* Data supplied *
________________

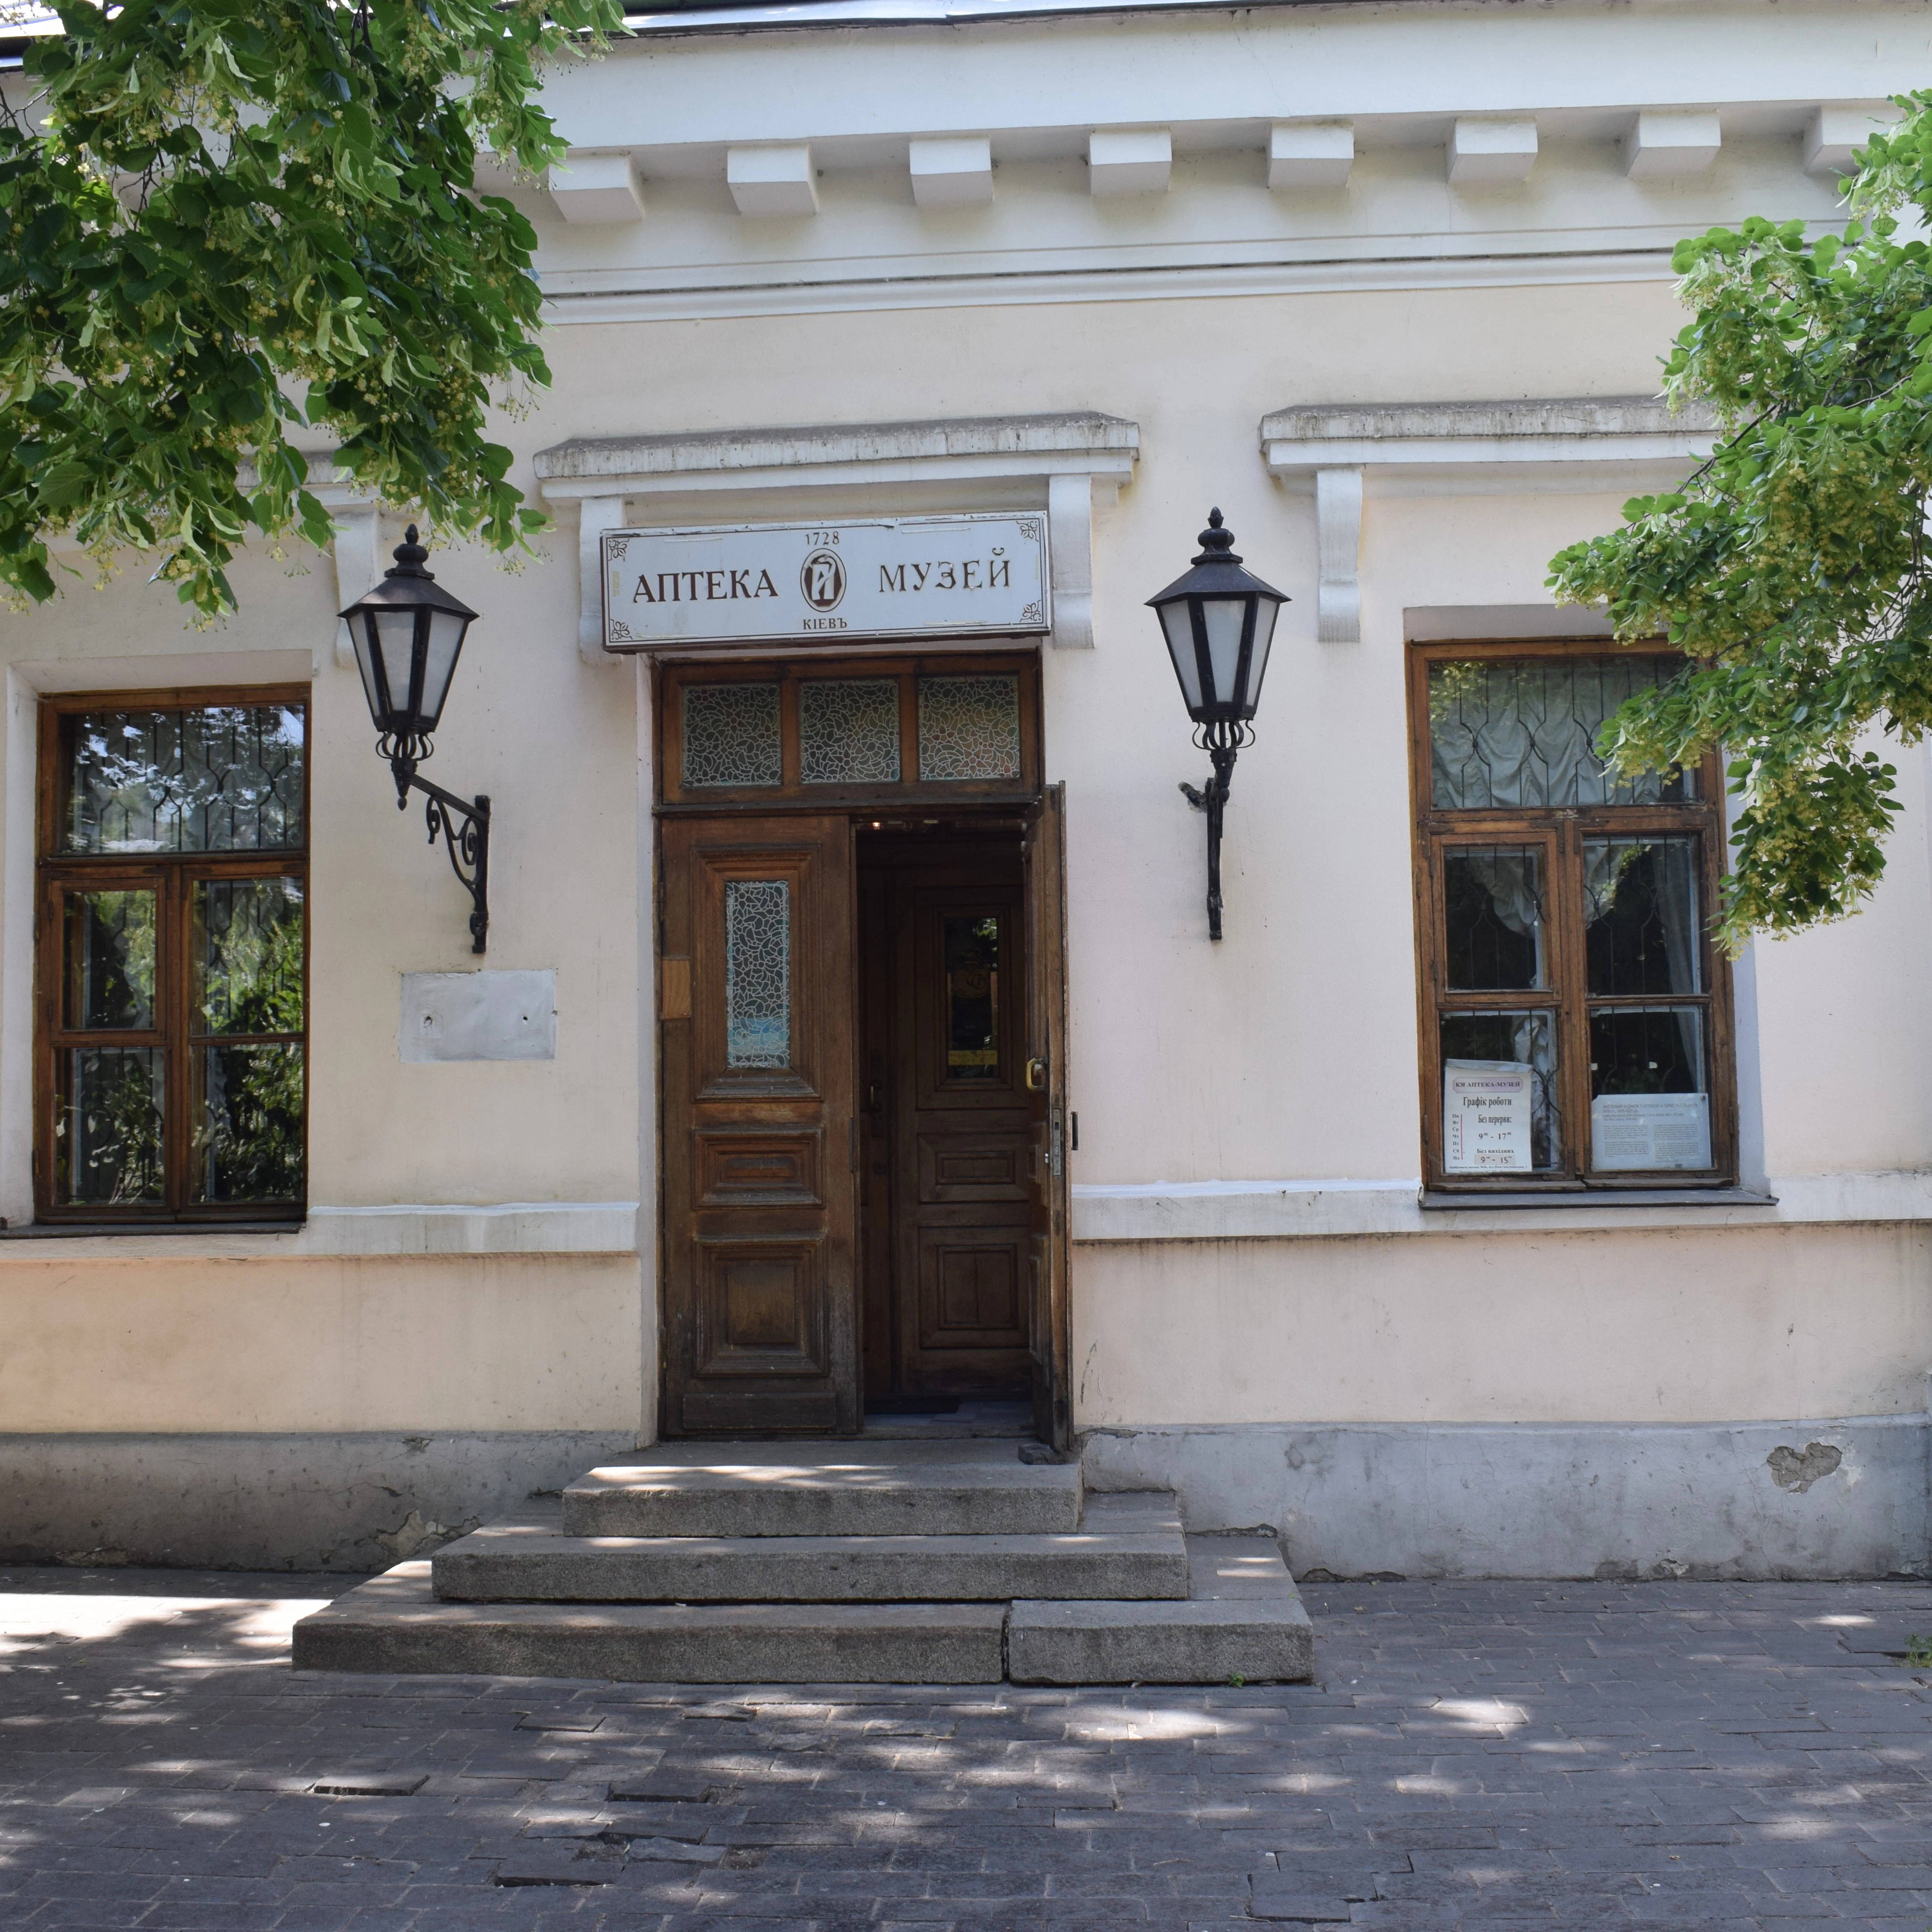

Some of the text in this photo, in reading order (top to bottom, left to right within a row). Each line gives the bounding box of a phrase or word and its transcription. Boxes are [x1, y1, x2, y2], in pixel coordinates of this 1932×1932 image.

[805, 531, 840, 546] 1728
[633, 547, 1010, 604] АПТЕКА МУЗЕЙ
[803, 617, 848, 630] КІЕВЪ
[1463, 1096, 1512, 1108] Графік роботи
[1478, 1114, 1487, 1123] Без

________________

* Task description *
Please transcribe all of the entries exactly and omit any picture they hold.

* Written answer *
Some of the text in this photo, in reading order (top to bottom, left to right within a row). Each line gives the bounding box of a phrase or word and its transcription. Boxes are [x1, y1, x2, y2], in pixel coordinates of this 1932×1932 image.

[805, 531, 840, 546] 1728
[633, 547, 1010, 604] АПТЕКА МУЗЕЙ
[803, 617, 848, 630] КІЕВЪ
[1463, 1096, 1512, 1108] Графік роботи
[1478, 1114, 1487, 1123] Без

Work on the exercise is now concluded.